**Problem details**
Return, word for word, the line containing "this 2000×1125 image." and every line after it through the last line of the records below.

**Given information**
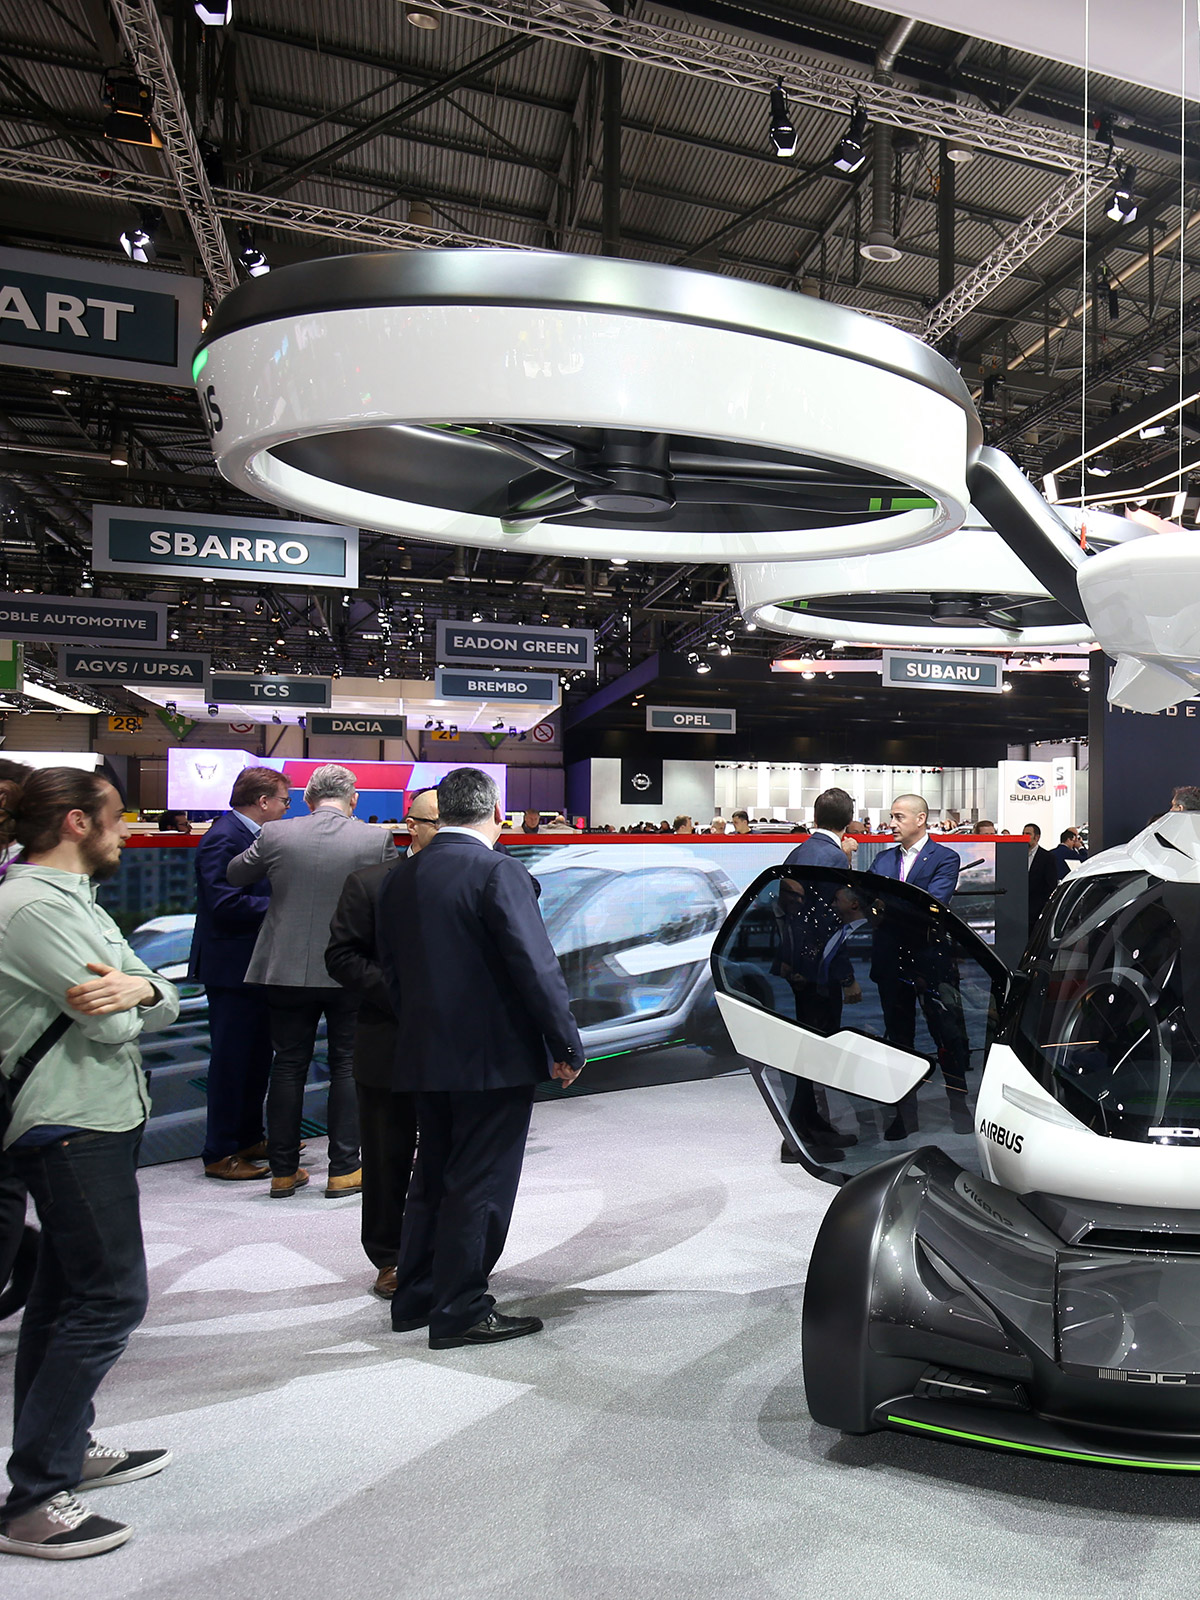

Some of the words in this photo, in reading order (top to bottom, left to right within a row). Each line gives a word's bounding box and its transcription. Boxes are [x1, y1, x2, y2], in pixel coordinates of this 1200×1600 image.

[150, 531, 309, 565] SBARRO
[42, 613, 147, 630] AUTOMOTIVE
[453, 635, 518, 651] EADON
[522, 640, 579, 655] GREEN
[75, 659, 128, 673] AGVS
[143, 662, 194, 676] UPSA
[906, 662, 981, 681] SUBARU
[249, 683, 290, 697] TCS
[468, 680, 528, 693] BREMBO
[332, 720, 383, 733] DACIA
[673, 714, 711, 726] OPEL
[1009, 794, 1051, 802] SUBARU
[979, 1118, 1024, 1154] AIRBUS
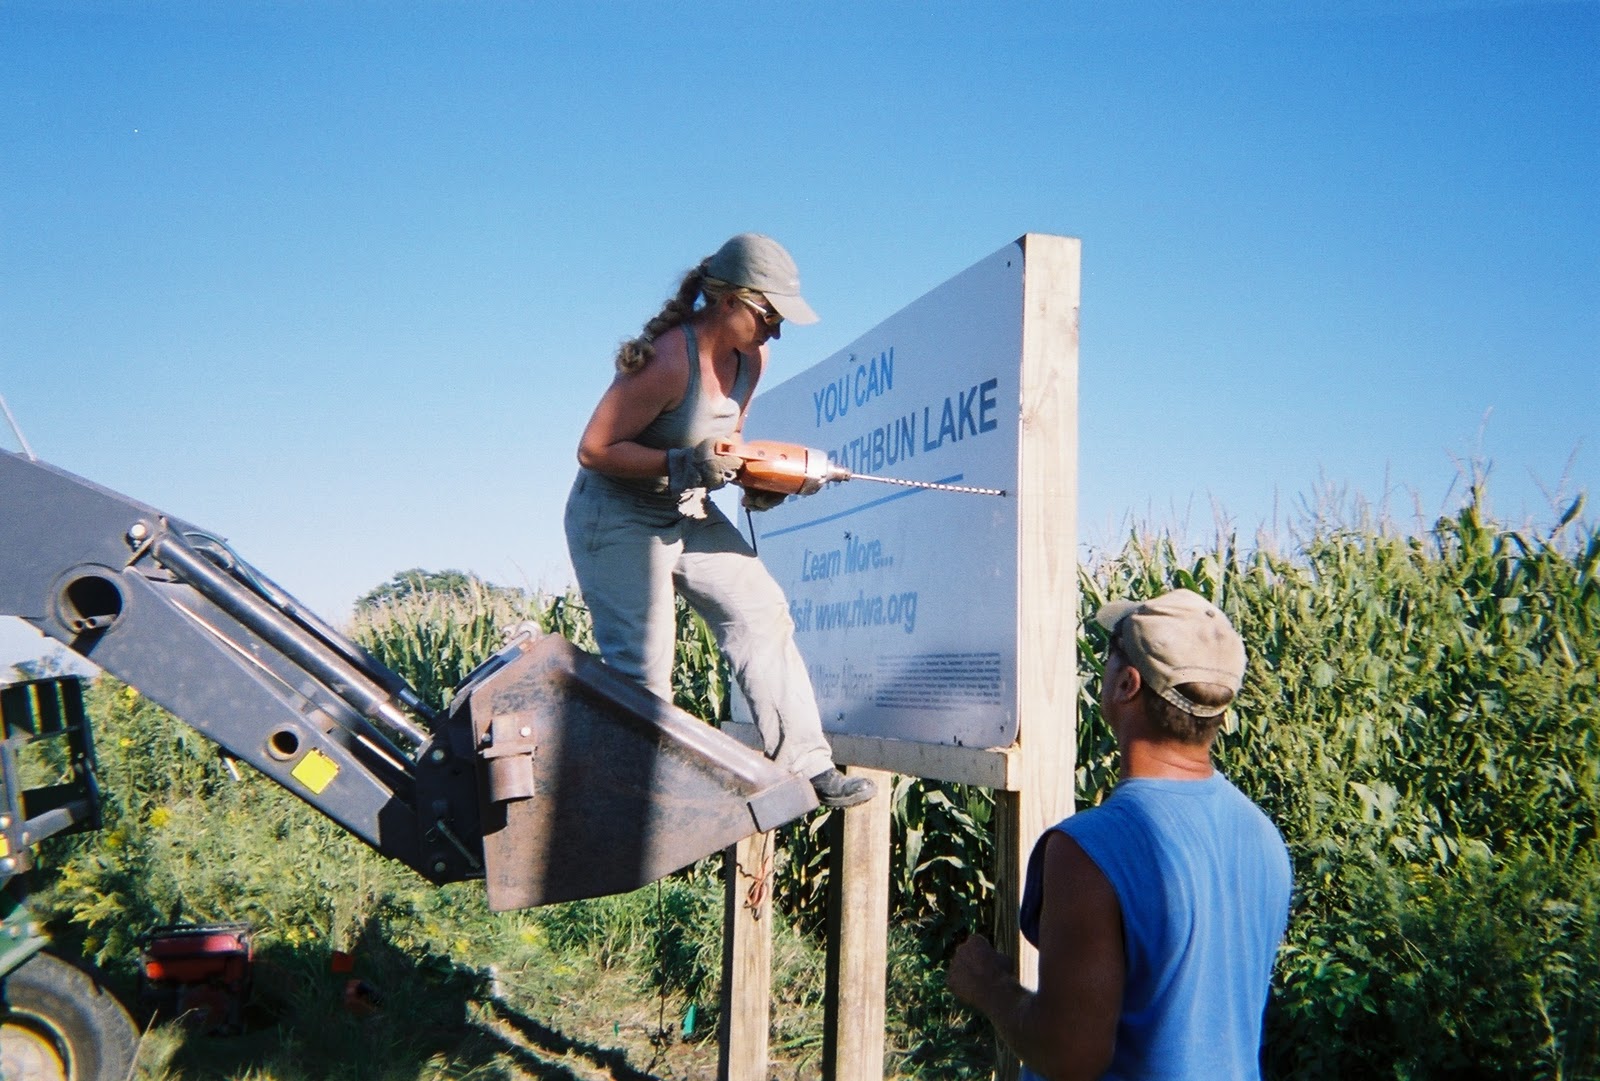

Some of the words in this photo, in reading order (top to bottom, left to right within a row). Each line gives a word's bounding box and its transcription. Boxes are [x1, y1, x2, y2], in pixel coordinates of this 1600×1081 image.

[813, 374, 850, 428] YOU
[854, 346, 894, 408] CAN
[923, 376, 998, 453] LAKE
[802, 549, 841, 582] Learn
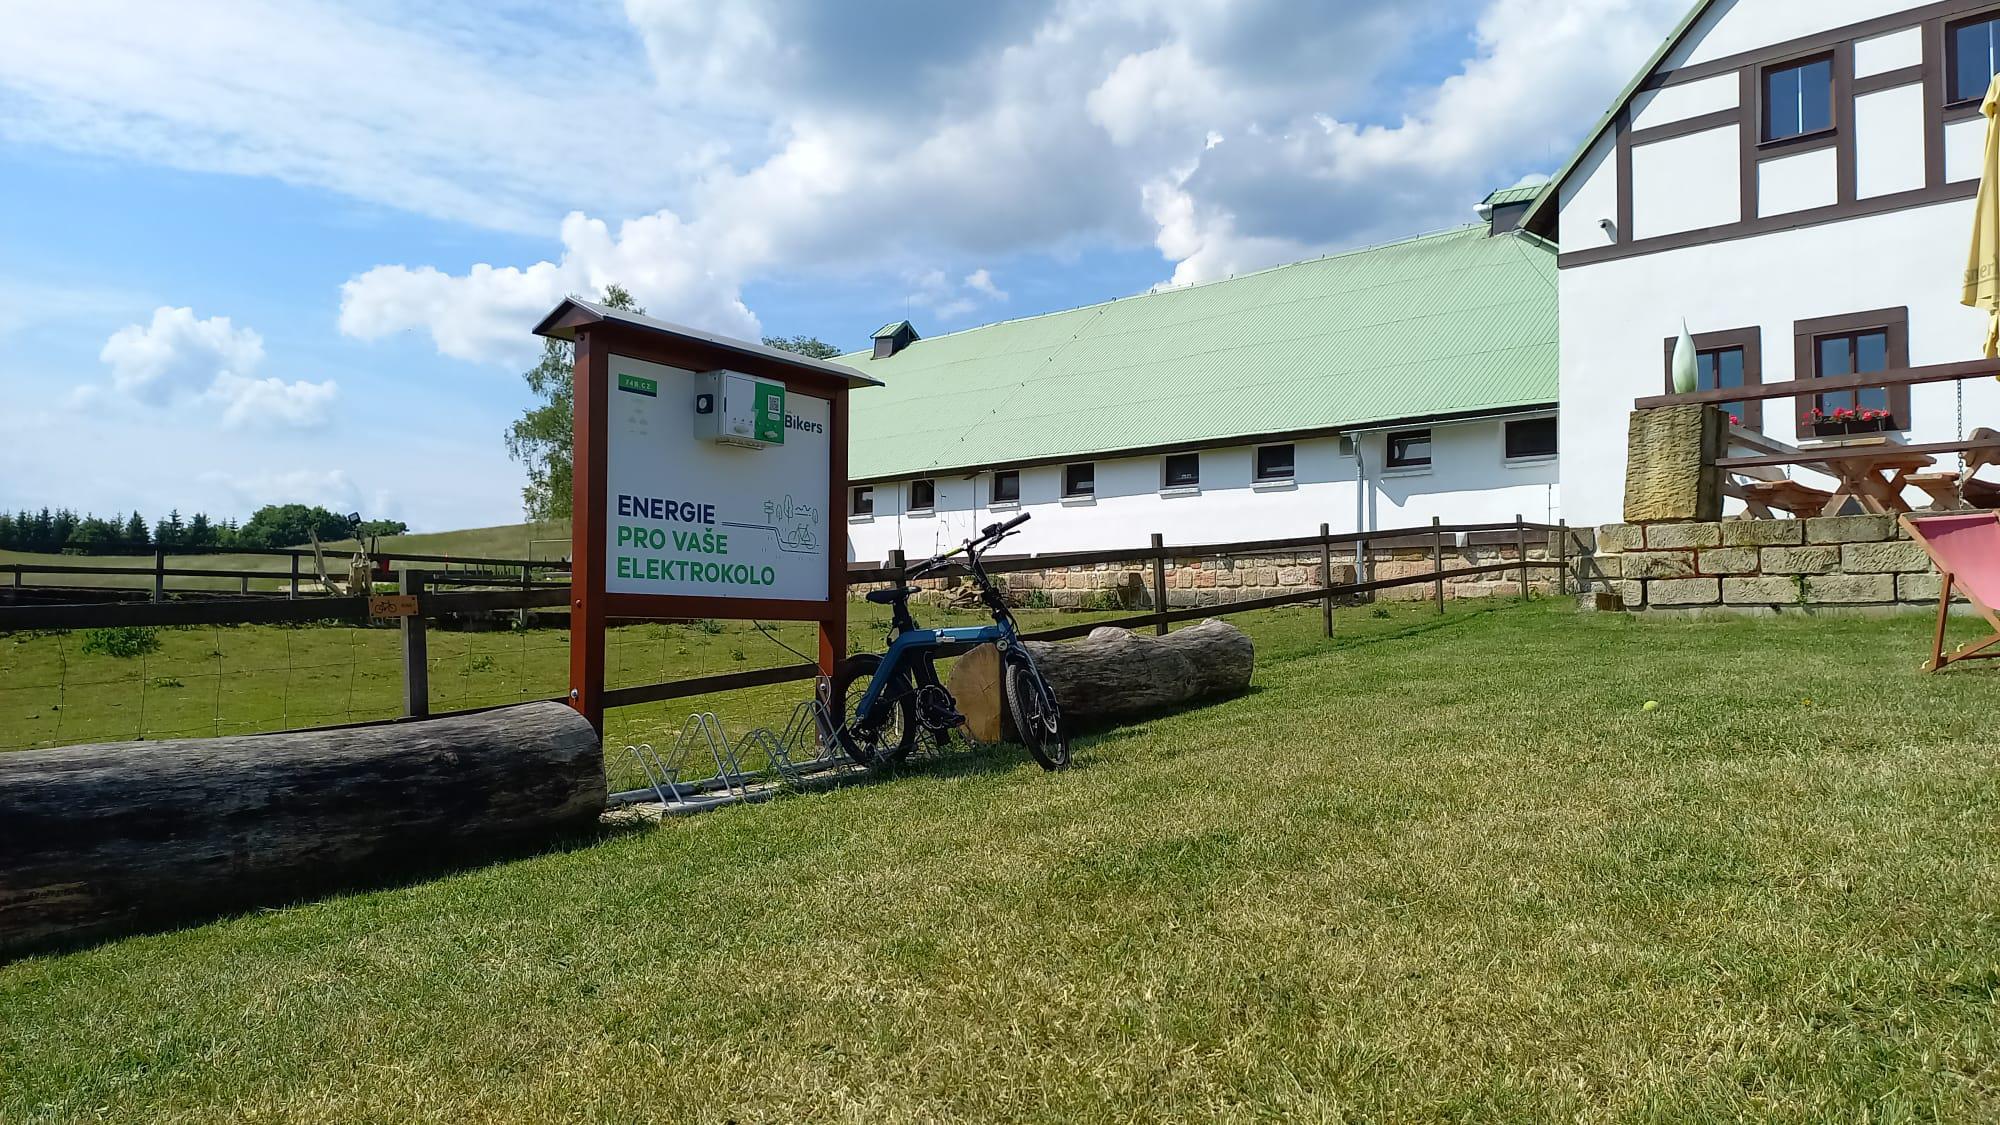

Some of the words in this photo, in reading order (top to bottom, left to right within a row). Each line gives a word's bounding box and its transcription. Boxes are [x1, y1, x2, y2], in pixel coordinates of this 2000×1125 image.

[784, 414, 823, 434] Bikers
[618, 494, 716, 525] ENERGIE
[617, 525, 666, 550] PRO
[672, 527, 728, 555] VAŠE
[617, 556, 775, 586] ELEKTROKOLO

**Task output**
Some of the words in this photo, in reading order (top to bottom, left to right within a row). Each line gives a word's bounding box and its transcription. Boxes are [x1, y1, x2, y2], in pixel coordinates of this 2000×1125 image.

[784, 414, 823, 434] Bikers
[618, 494, 716, 525] ENERGIE
[617, 525, 666, 550] PRO
[672, 527, 728, 555] VAŠE
[617, 556, 775, 586] ELEKTROKOLO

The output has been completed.